**Required action**
Since the pictures are not wanted, retype the listing below exactly and without them.
☆ ☆ ☆ ☆ ☆
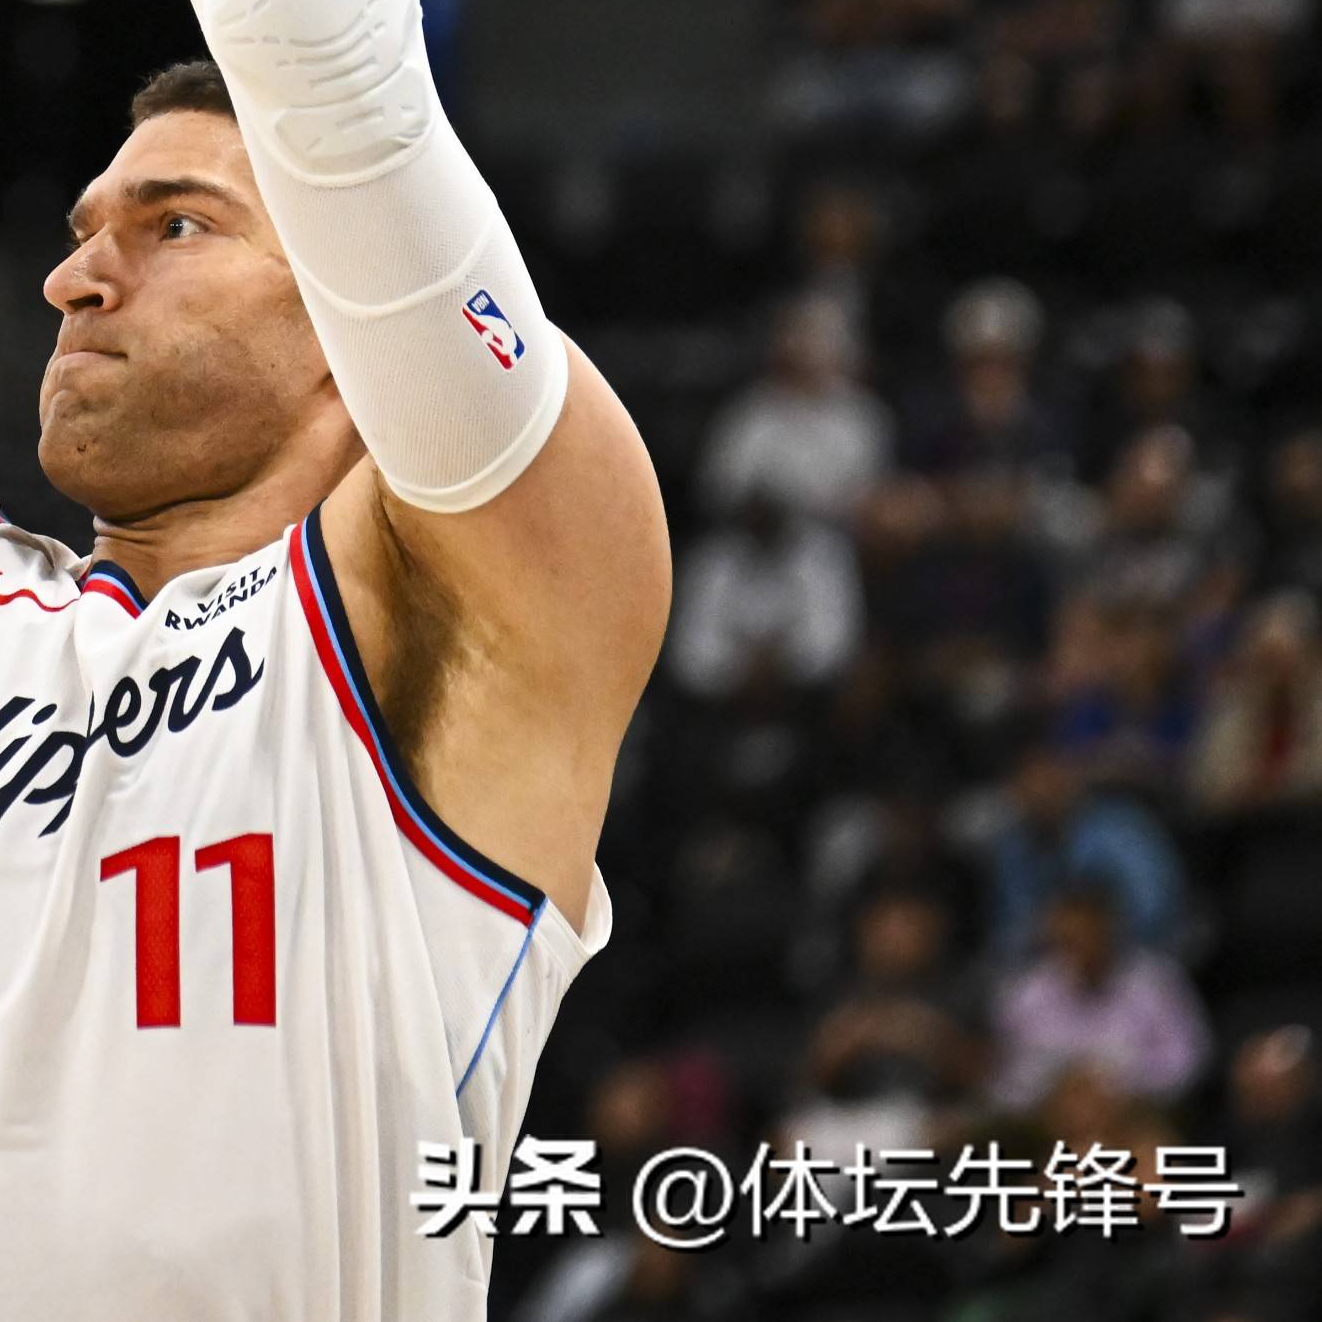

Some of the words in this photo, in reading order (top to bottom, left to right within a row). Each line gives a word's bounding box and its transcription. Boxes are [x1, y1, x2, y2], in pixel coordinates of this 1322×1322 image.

[471, 293, 490, 314] NBA
[164, 566, 277, 631] RWANDA
[197, 566, 262, 614] VISIT
[100, 832, 277, 1029] 11
☆ ☆ ☆ ☆ ☆
**Result**
Some of the words in this photo, in reading order (top to bottom, left to right within a row). Each line gives a word's bounding box and its transcription. Boxes are [x1, y1, x2, y2], in pixel coordinates of this 1322×1322 image.

[471, 293, 490, 314] NBA
[164, 566, 277, 631] RWANDA
[197, 566, 262, 614] VISIT
[100, 832, 277, 1029] 11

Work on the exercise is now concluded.